[EXERCISE]
Every word of the data must be reproduced in your reply exactly.
————————
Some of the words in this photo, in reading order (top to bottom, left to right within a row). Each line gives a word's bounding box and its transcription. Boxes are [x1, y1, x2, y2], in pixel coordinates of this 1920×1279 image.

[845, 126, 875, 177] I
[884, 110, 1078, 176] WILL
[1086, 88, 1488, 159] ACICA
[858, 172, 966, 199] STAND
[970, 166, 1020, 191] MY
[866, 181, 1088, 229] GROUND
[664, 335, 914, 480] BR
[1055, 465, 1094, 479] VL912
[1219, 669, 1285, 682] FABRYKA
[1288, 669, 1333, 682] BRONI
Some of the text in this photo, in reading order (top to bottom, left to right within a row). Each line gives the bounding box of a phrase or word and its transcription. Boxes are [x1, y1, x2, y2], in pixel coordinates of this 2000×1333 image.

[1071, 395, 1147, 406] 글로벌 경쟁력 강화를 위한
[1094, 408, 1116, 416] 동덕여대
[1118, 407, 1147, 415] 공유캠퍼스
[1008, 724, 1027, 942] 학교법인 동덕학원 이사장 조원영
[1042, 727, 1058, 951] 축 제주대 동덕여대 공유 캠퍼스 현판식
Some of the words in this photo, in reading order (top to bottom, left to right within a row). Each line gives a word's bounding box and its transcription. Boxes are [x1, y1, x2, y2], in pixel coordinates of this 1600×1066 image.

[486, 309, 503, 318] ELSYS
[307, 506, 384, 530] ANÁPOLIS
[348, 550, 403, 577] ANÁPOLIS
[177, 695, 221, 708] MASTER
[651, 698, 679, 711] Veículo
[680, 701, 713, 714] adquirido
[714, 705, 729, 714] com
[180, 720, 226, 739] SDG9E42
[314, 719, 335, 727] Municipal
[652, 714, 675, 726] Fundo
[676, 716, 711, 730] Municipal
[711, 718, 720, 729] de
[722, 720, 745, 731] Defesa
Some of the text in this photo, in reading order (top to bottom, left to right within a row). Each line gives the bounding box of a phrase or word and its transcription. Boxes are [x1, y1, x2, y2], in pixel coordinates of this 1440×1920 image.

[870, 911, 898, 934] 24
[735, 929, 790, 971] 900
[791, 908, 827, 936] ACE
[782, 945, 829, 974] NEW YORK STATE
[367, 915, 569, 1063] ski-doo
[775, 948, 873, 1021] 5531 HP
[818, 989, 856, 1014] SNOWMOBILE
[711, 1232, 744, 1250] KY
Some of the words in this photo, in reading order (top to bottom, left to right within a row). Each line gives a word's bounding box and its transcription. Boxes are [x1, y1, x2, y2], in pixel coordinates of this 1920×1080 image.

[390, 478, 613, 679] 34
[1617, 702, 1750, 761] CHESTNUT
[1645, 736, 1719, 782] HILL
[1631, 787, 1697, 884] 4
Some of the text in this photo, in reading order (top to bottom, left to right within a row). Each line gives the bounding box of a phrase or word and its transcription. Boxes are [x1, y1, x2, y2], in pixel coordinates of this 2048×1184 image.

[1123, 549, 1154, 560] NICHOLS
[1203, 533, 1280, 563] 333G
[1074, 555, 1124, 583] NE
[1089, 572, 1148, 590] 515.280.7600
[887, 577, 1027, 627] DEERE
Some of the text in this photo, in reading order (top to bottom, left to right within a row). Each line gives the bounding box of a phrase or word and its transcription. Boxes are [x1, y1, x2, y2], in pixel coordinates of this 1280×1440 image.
————————
[EXERCISE SOLUTION]
Some of the words in this photo, in reading order (top to bottom, left to right within a row). Each line gives a word's bounding box and its transcription. Boxes are [x1, y1, x2, y2], in pixel coordinates of this 1920×1279 image.

[845, 126, 875, 177] I
[884, 110, 1078, 176] WILL
[1086, 88, 1488, 159] ACICA
[858, 172, 966, 199] STAND
[970, 166, 1020, 191] MY
[866, 181, 1088, 229] GROUND
[664, 335, 914, 480] BR
[1055, 465, 1094, 479] VL912
[1219, 669, 1285, 682] FABRYKA
[1288, 669, 1333, 682] BRONI
Some of the text in this photo, in reading order (top to bottom, left to right within a row). Each line gives the bounding box of a phrase or word and its transcription. Boxes are [x1, y1, x2, y2], in pixel coordinates of this 2000×1333 image.

[1071, 395, 1147, 406] 글로벌 경쟁력 강화를 위한
[1094, 408, 1116, 416] 동덕여대
[1118, 407, 1147, 415] 공유캠퍼스
[1008, 724, 1027, 942] 학교법인 동덕학원 이사장 조원영
[1042, 727, 1058, 951] 축 제주대 동덕여대 공유 캠퍼스 현판식
Some of the words in this photo, in reading order (top to bottom, left to right within a row). Each line gives a word's bounding box and its transcription. Boxes are [x1, y1, x2, y2], in pixel coordinates of this 1600×1066 image.

[486, 309, 503, 318] ELSYS
[307, 506, 384, 530] ANÁPOLIS
[348, 550, 403, 577] ANÁPOLIS
[177, 695, 221, 708] MASTER
[651, 698, 679, 711] Veículo
[680, 701, 713, 714] adquirido
[714, 705, 729, 714] com
[180, 720, 226, 739] SDG9E42
[314, 719, 335, 727] Municipal
[652, 714, 675, 726] Fundo
[676, 716, 711, 730] Municipal
[711, 718, 720, 729] de
[722, 720, 745, 731] Defesa
Some of the text in this photo, in reading order (top to bottom, left to right within a row). Each line gives the bounding box of a phrase or word and its transcription. Boxes are [x1, y1, x2, y2], in pixel coordinates of this 1440×1920 image.

[870, 911, 898, 934] 24
[735, 929, 790, 971] 900
[791, 908, 827, 936] ACE
[782, 945, 829, 974] NEW YORK STATE
[367, 915, 569, 1063] ski-doo
[775, 948, 873, 1021] 5531 HP
[818, 989, 856, 1014] SNOWMOBILE
[711, 1232, 744, 1250] KY
Some of the words in this photo, in reading order (top to bottom, left to right within a row). Each line gives a word's bounding box and its transcription. Boxes are [x1, y1, x2, y2], in pixel coordinates of this 1920×1080 image.

[390, 478, 613, 679] 34
[1617, 702, 1750, 761] CHESTNUT
[1645, 736, 1719, 782] HILL
[1631, 787, 1697, 884] 4
Some of the text in this photo, in reading order (top to bottom, left to right within a row). Each line gives the bounding box of a phrase or word and its transcription. Boxes are [x1, y1, x2, y2], in pixel coordinates of this 2048×1184 image.

[1123, 549, 1154, 560] NICHOLS
[1203, 533, 1280, 563] 333G
[1074, 555, 1124, 583] NE
[1089, 572, 1148, 590] 515.280.7600
[887, 577, 1027, 627] DEERE
Some of the text in this photo, in reading order (top to bottom, left to right within a row). Each line gives the bounding box of a phrase or word and its transcription. Boxes are [x1, y1, x2, y2], in pixel coordinates of this 1280×1440 image.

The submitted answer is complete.